Records supplied below:
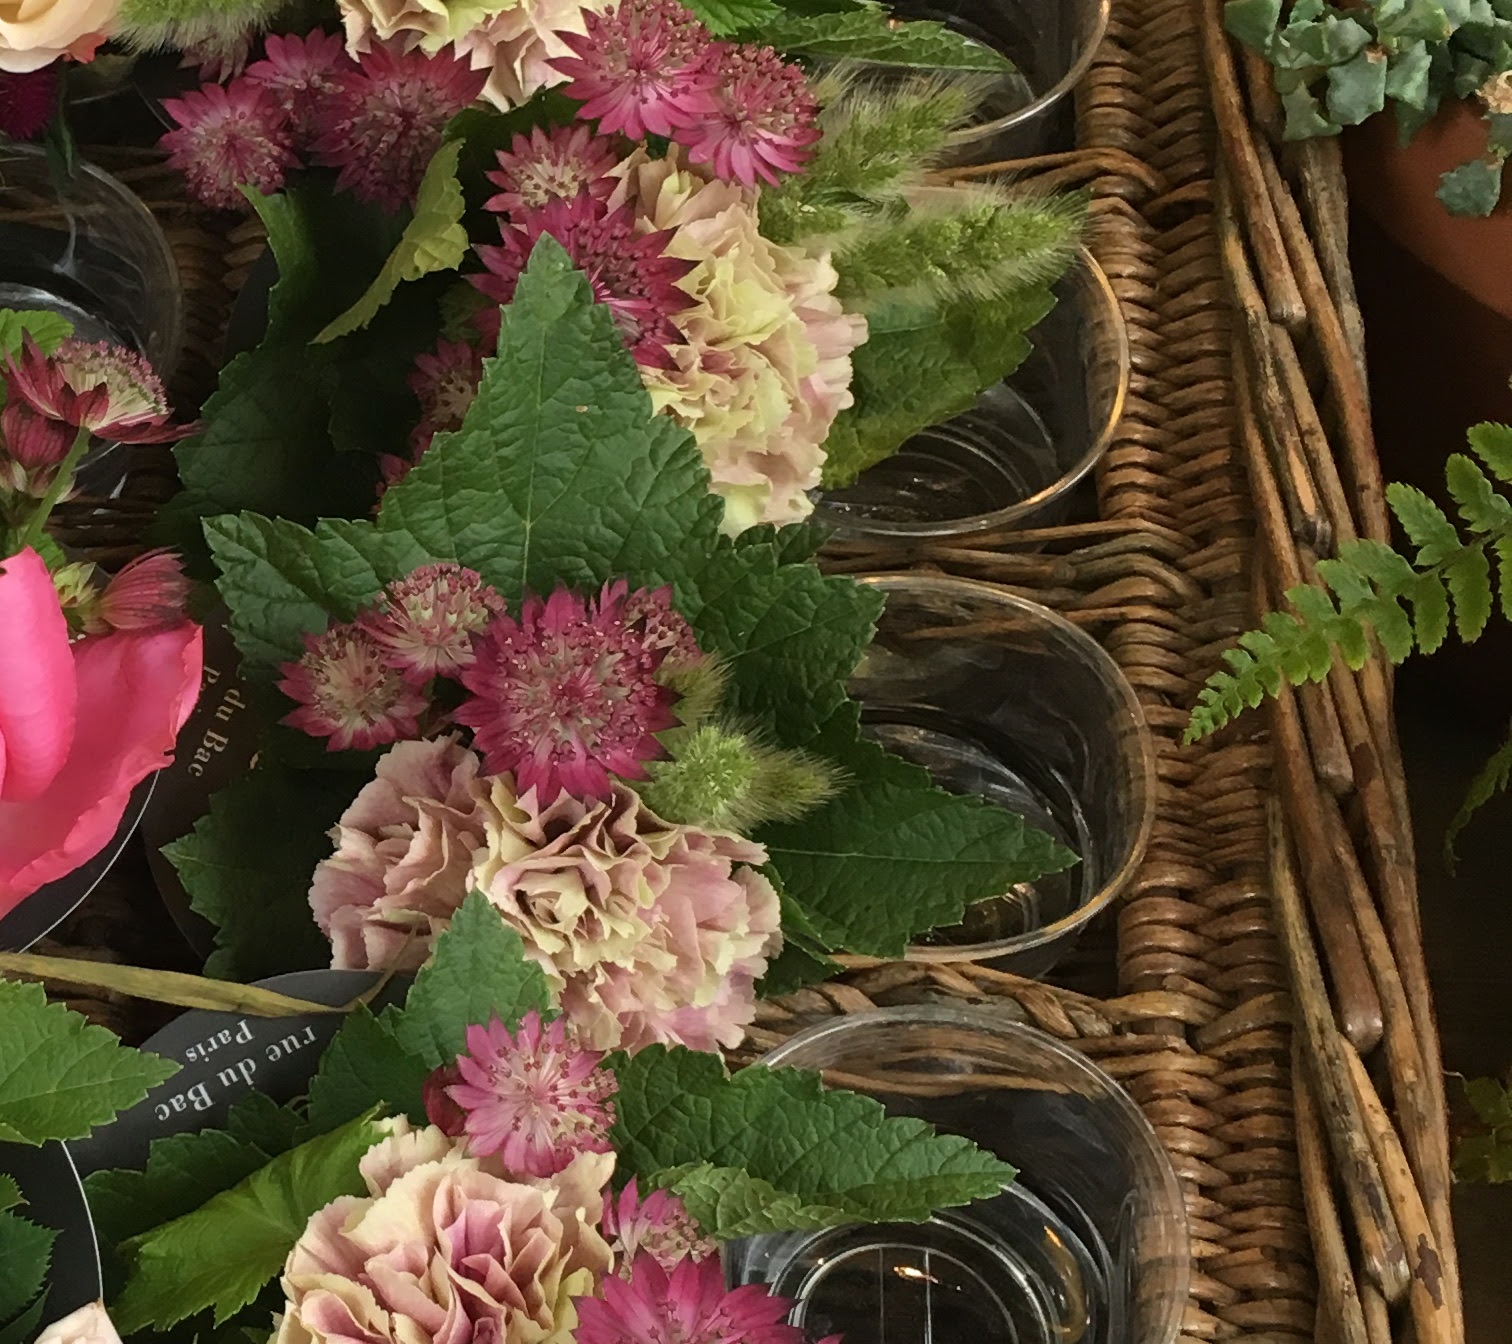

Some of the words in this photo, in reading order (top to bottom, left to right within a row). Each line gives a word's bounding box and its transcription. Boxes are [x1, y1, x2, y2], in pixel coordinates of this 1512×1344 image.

[215, 688, 246, 722] du
[188, 728, 229, 777] Bac
[185, 1019, 255, 1062] Paris
[265, 1025, 317, 1062] rue
[216, 1058, 257, 1087] du
[154, 1081, 216, 1121] Bac
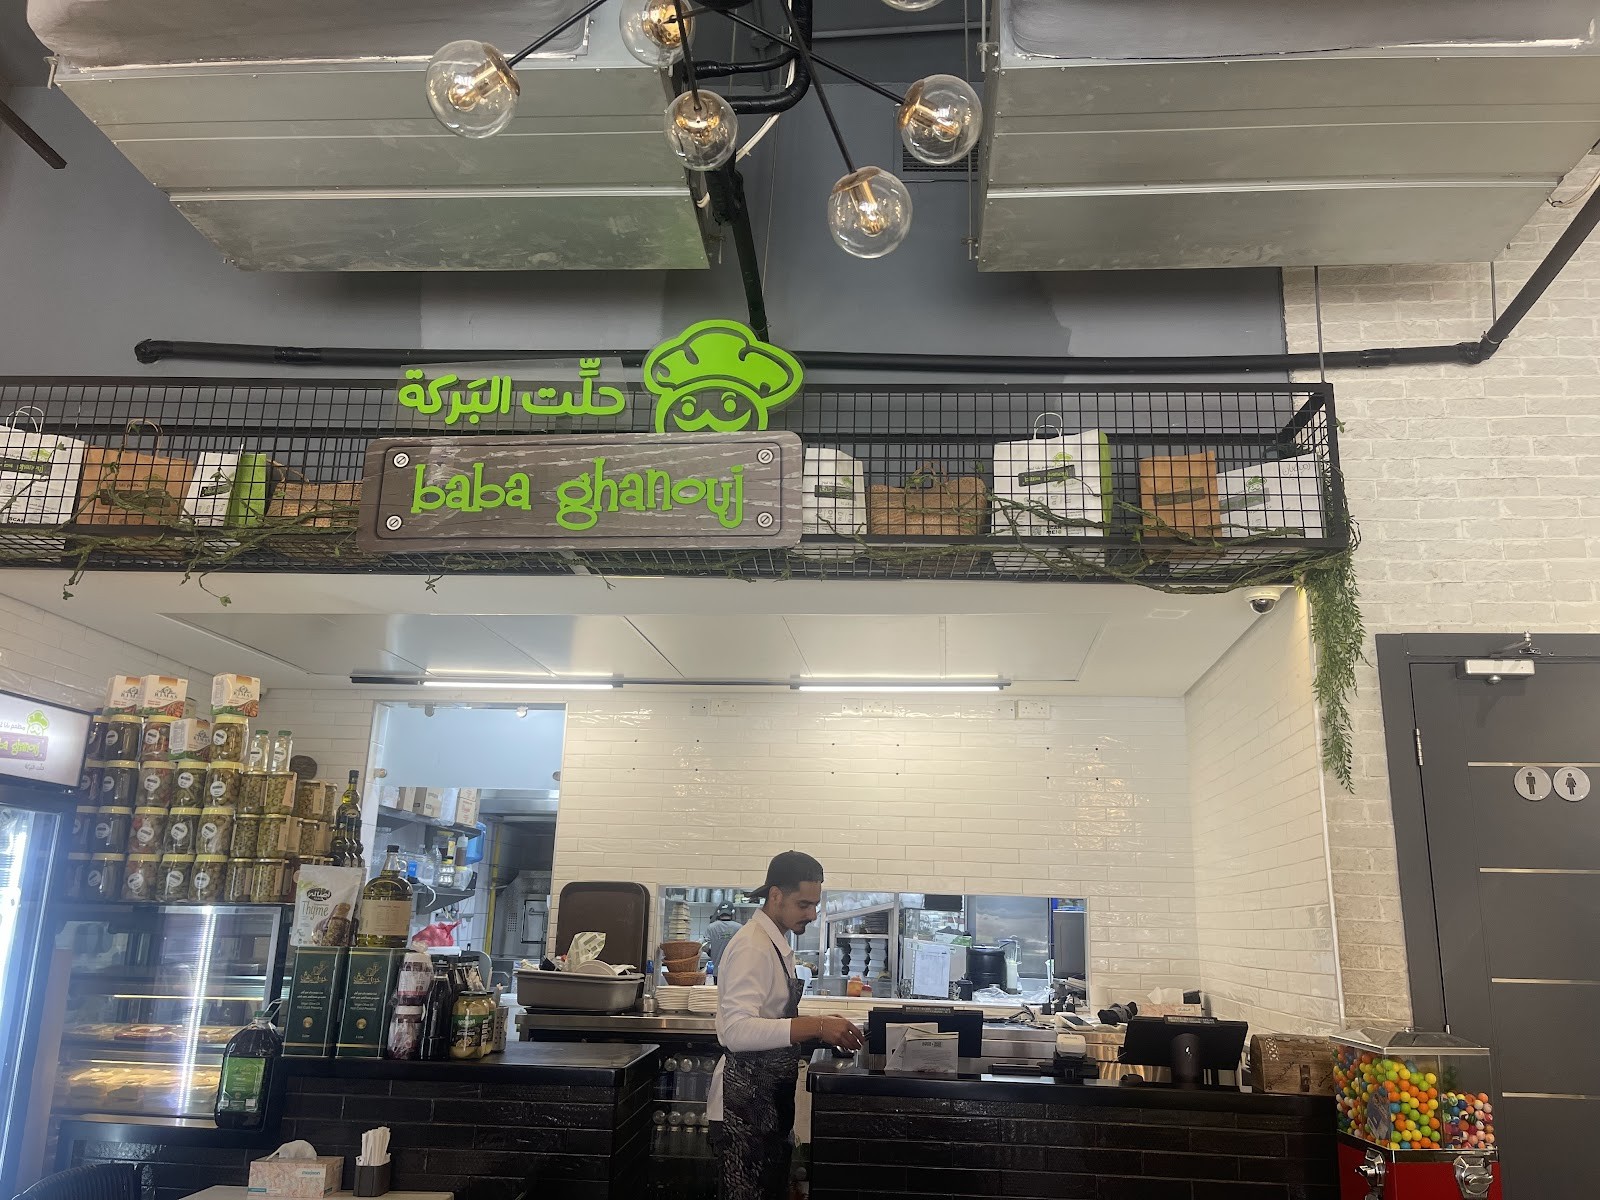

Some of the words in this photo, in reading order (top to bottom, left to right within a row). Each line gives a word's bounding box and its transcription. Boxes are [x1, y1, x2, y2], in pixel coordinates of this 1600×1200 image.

[410, 462, 532, 513] baba
[556, 457, 744, 530] ghanouj
[302, 901, 329, 920] Thyme
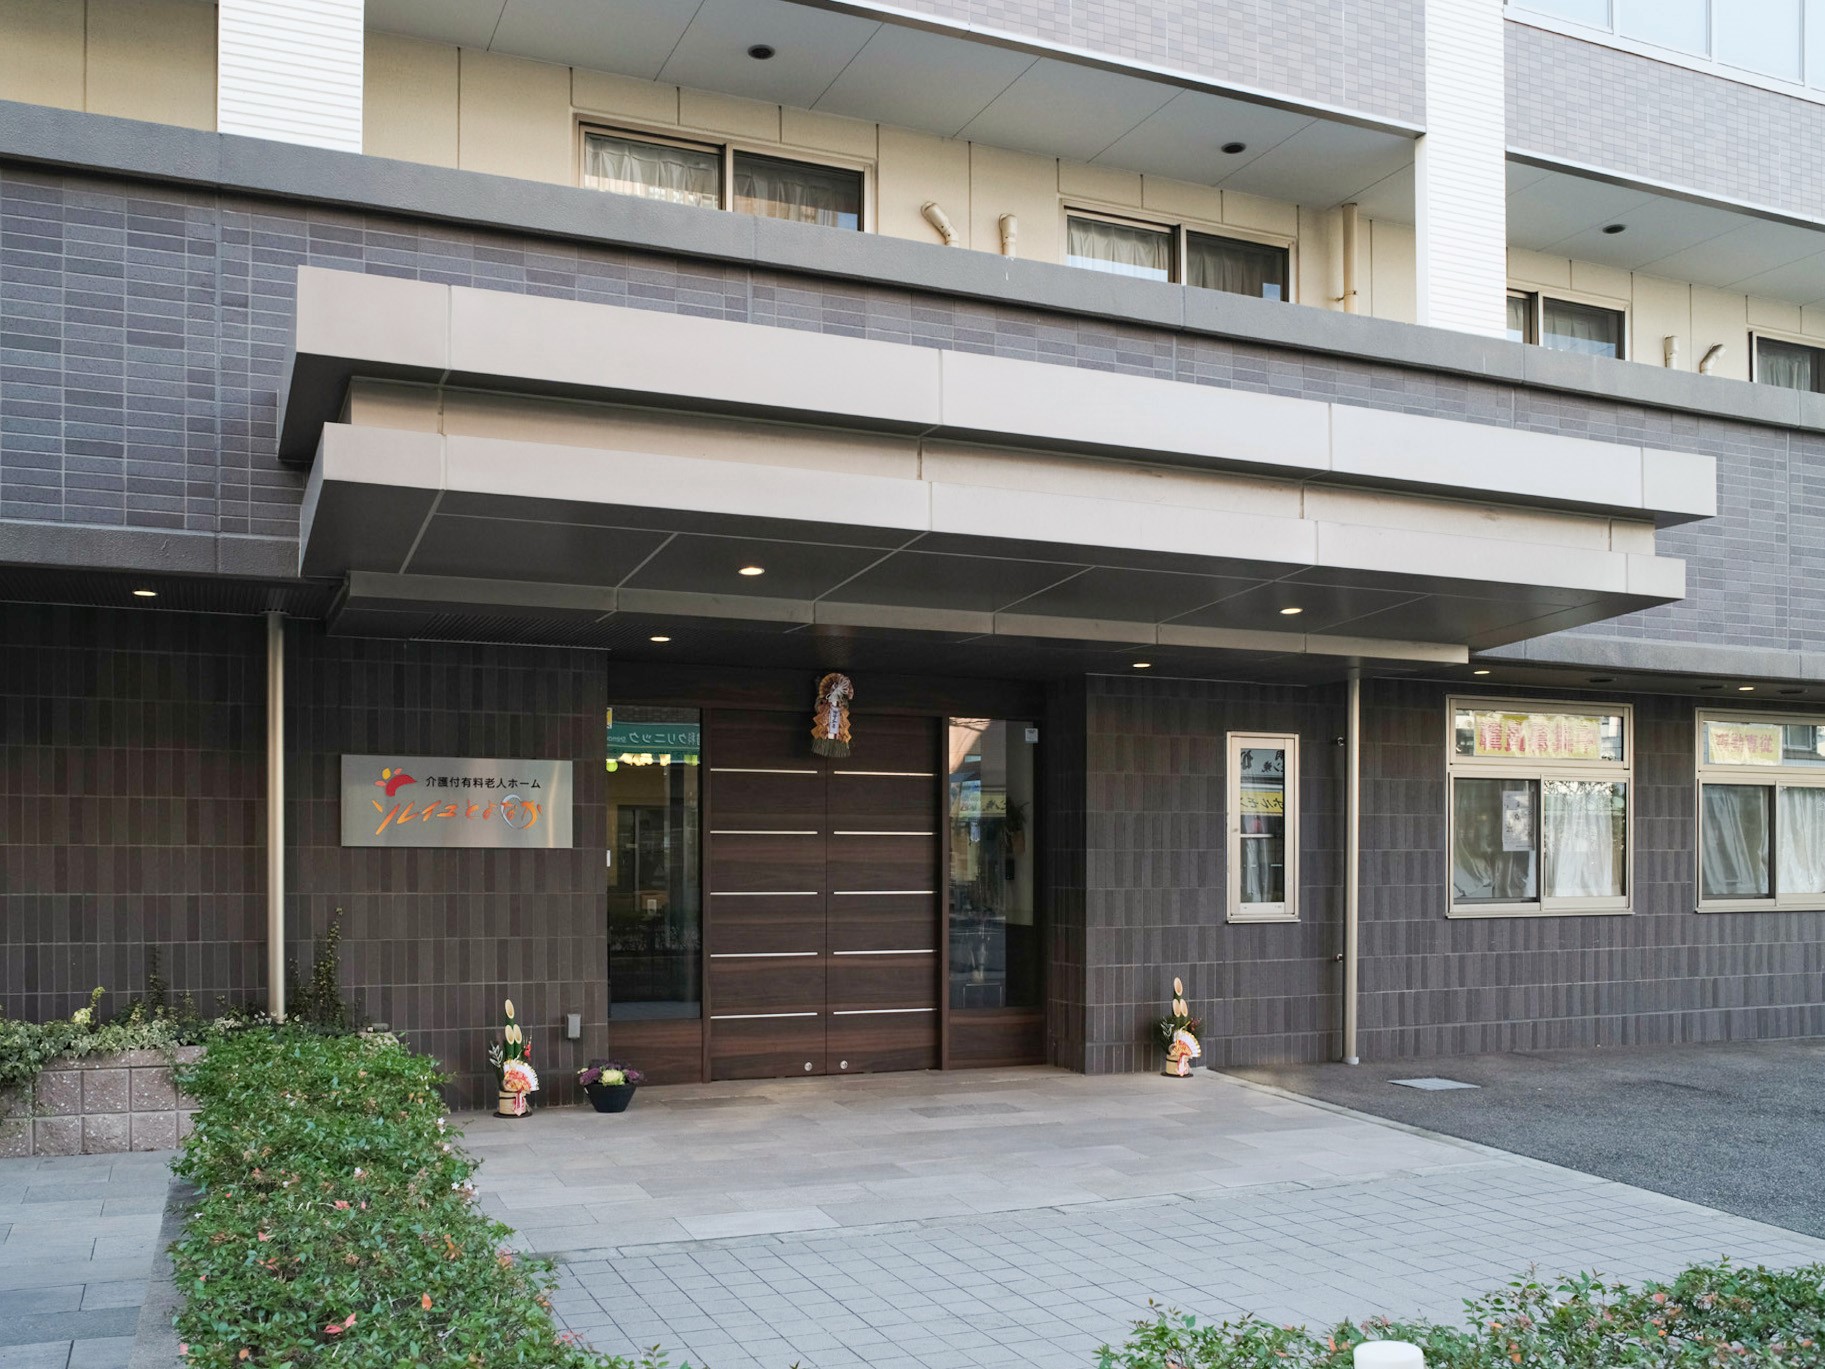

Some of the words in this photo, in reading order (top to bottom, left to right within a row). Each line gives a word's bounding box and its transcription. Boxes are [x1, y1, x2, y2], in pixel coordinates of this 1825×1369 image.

[425, 776, 541, 789] 介護付有料老人ホーム
[371, 795, 543, 836] ソレイユとよなか
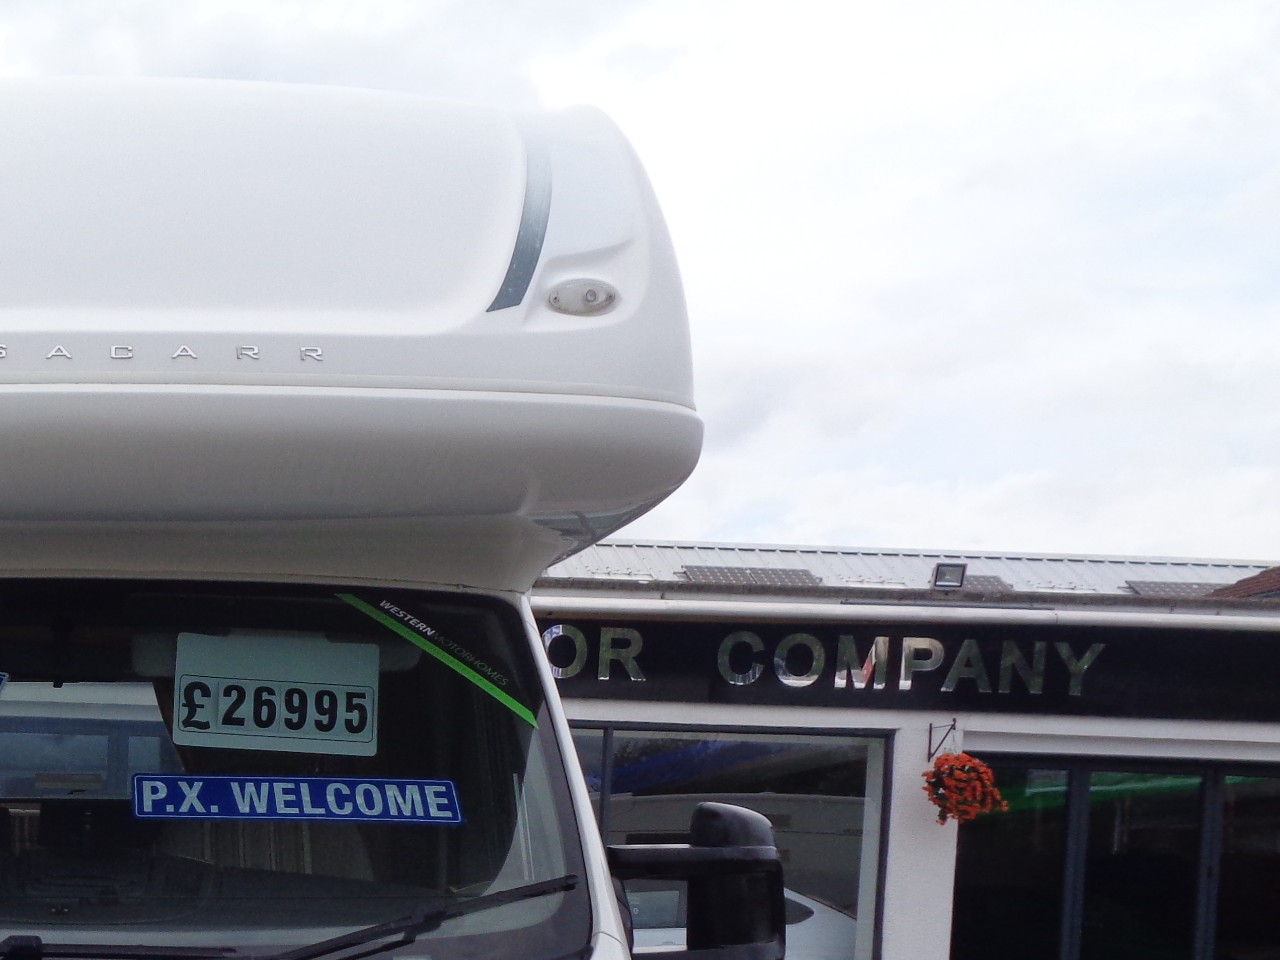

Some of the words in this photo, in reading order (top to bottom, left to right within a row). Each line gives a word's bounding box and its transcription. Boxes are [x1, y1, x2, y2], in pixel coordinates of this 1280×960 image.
End of Records supplied.
Work request — Only the lines from the one with "this 1600×1200 image." through the end of the listing above should be output, exactly as written and with no pictures.

Answer to the problem —
Some of the words in this photo, in reading order (top to bottom, left to right within a row). Each line gives a word's bounding box and its transcription. Boxes are [x1, y1, x2, y2], in pixel coordinates of this 1600×1200 image.

[410, 462, 532, 513] baba
[556, 457, 744, 530] ghanouj
[302, 901, 329, 920] Thyme

Some of the words in this photo, in reading order (top to bottom, left to right within a row). Each line gives a word's bounding box and its transcription. Boxes are [x1, y1, x2, y2], in pixel coordinates of this 1825×1369 image.

[425, 776, 541, 789] 介護付有料老人ホーム
[371, 795, 543, 836] ソレイユとよなか

Some of the words in this photo, in reading order (top to bottom, left to right within a row). Each line gives a word's bounding box and its transcription. Boxes are [x1, y1, x2, y2], in pixel coordinates of this 1280×960 image.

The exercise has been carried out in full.